The relevant part has been cut off. Please use unified mode for comparisons (diff -u
).
I have seen this happen in older versions of LAREX (before it became a true PAGE-XML editor). Which version are you using?
I'm using the current docker version (0.5.0).
The current latest release of OCR4all sadly features a LAREX version <0.6 which is still susceptible to this bug.
You could try upgrading to uniwuezpd/ocr4all:staging
which includes the current staging version of LAREX. We'll also release a new ocr4all:latest
in the next few days after ironing out some of the remaining bugs in LAREX.
Thanks! The staging version doesn't read the xml in question (you'd anticipated this in #301). I might have to convert the 'old' PageXML into the correct version understood and read by the current LAREX versions to get some backwards compatibility. Is it just the negative coordinates that cause the problem? I can't spot any other major difference between a legible xml and a one that isn't. Sorry for all these questions.

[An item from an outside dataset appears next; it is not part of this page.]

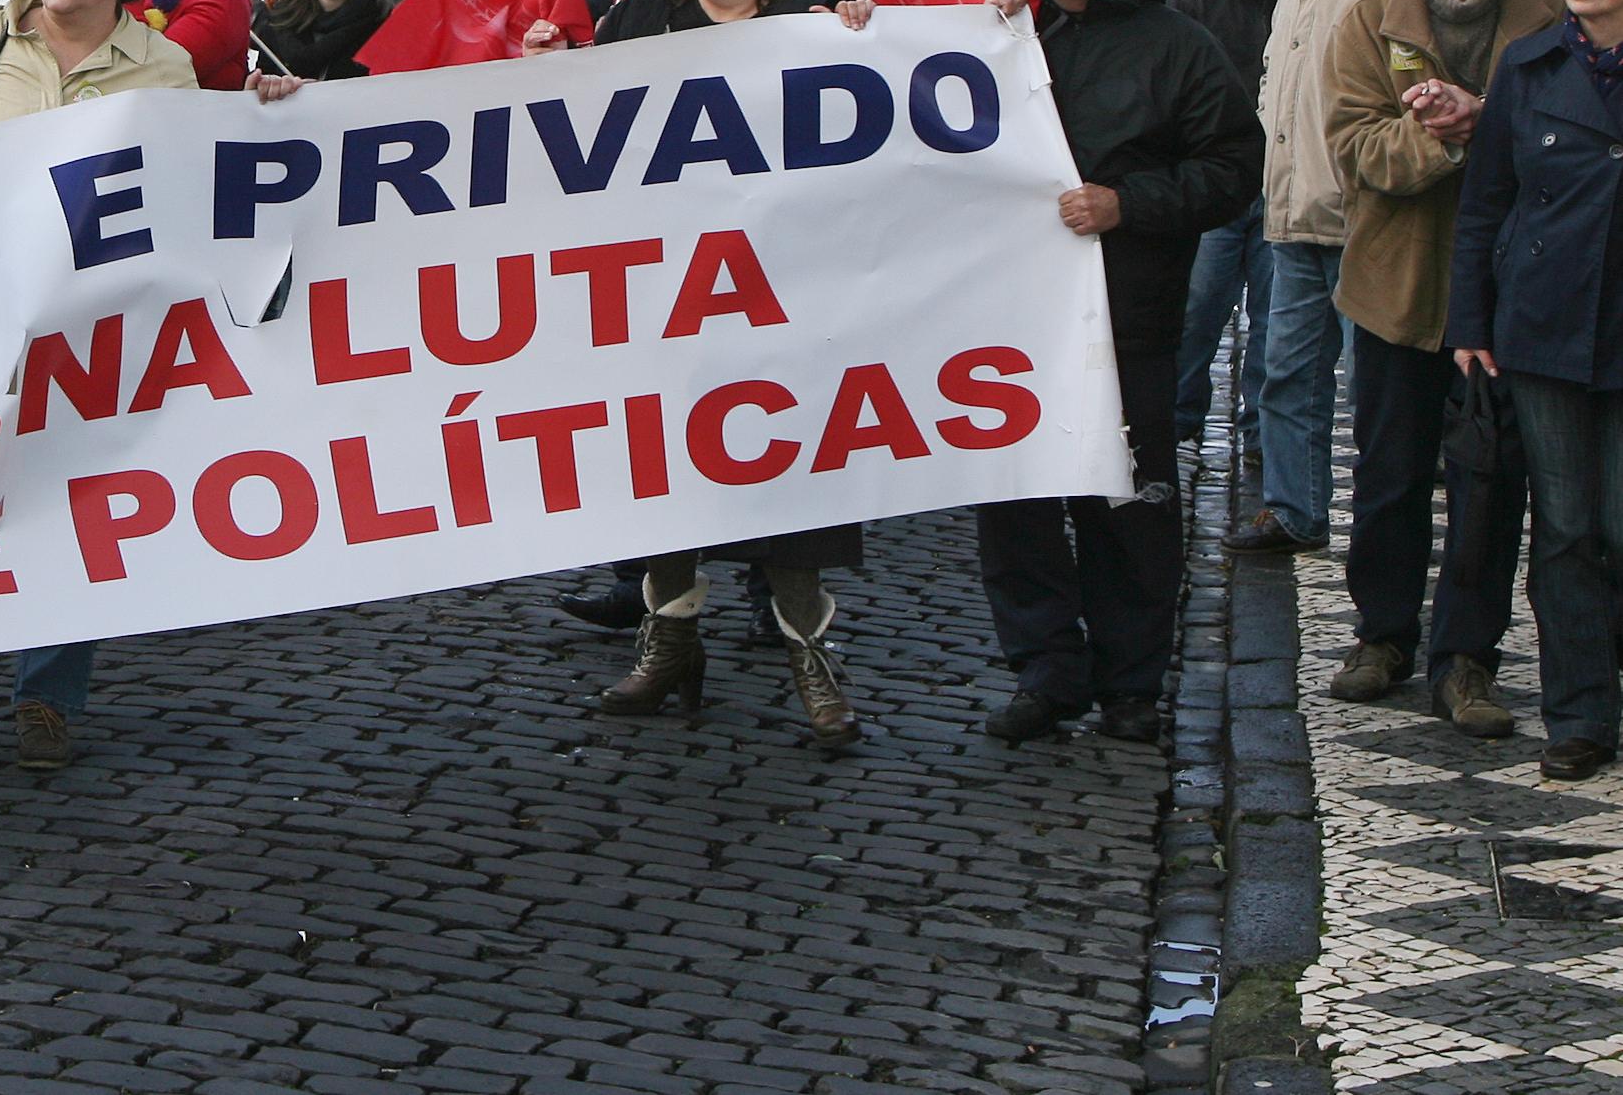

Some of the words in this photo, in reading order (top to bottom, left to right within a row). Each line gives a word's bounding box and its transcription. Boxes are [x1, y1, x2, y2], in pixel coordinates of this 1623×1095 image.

Use xmllint --schema path/to/pagecontent.xsd --noout page.xml
to get some diagnostics.
For repairs, have a look at the page XSLT in https://github.com/bertsky/workflow-configuration/
Is it just the negative coordinates that cause the problem?
At least for the file provided in #301 the negative coordinates are indeed the only thing which make the PAGE XML invalid. I just set all negative coordinate points to 0 and it loaded just fine afterwards.
Fantastic help, thank you very much!
Just for the record (and an aide-memoire for myself), I followed @bertsky 's advice:
wget "https://www.primaresearch.org/schema/PAGE/gts/pagecontent/2019-07-15/pagecontent.xsd"
xmllint --schema pagecontent.xsd --noout BOOK/processing/*.xml
Only pages with negative coordinates didn't validate.
Then I used the xslt mentioned above to transform my pagexmls.
wget "https://raw.githubusercontent.com/bertsky/workflow-configuration/master/page-fix-coords.xsl"
mkdir tmp_output
for i in BOOK/processing/*.xml; do xsltproc -o tmp_output/$(basename $i) page-fix-coords.xsl $i; done
The PageXMLs in tmp_output work perfectly fine.
Many thanks to both of you!
I have a problem that has repeatedly led to considerable data loss (and I have the impression that I have seen some Issue/discussion on that, so I apologize in advance):
In a set of legacy PageXMLs some run through smoothly in v.0.6, other however get overwritten. Here is a diff of the first 7 resp. 8 lines. The file on the left is processed without problem, the file on the left is overwritten as soon as saved.
Here is a file that gets overwritten when saved with the current OCR4all docker version: https://cloud.uni-halle.de/s/cgzRExPB0xPRP3I
After saving the right file is reduced to the following:
<?xml version="1.0" encoding="UTF-8" standalone="no"?>
Do you happen to know how to avoid this behaviour?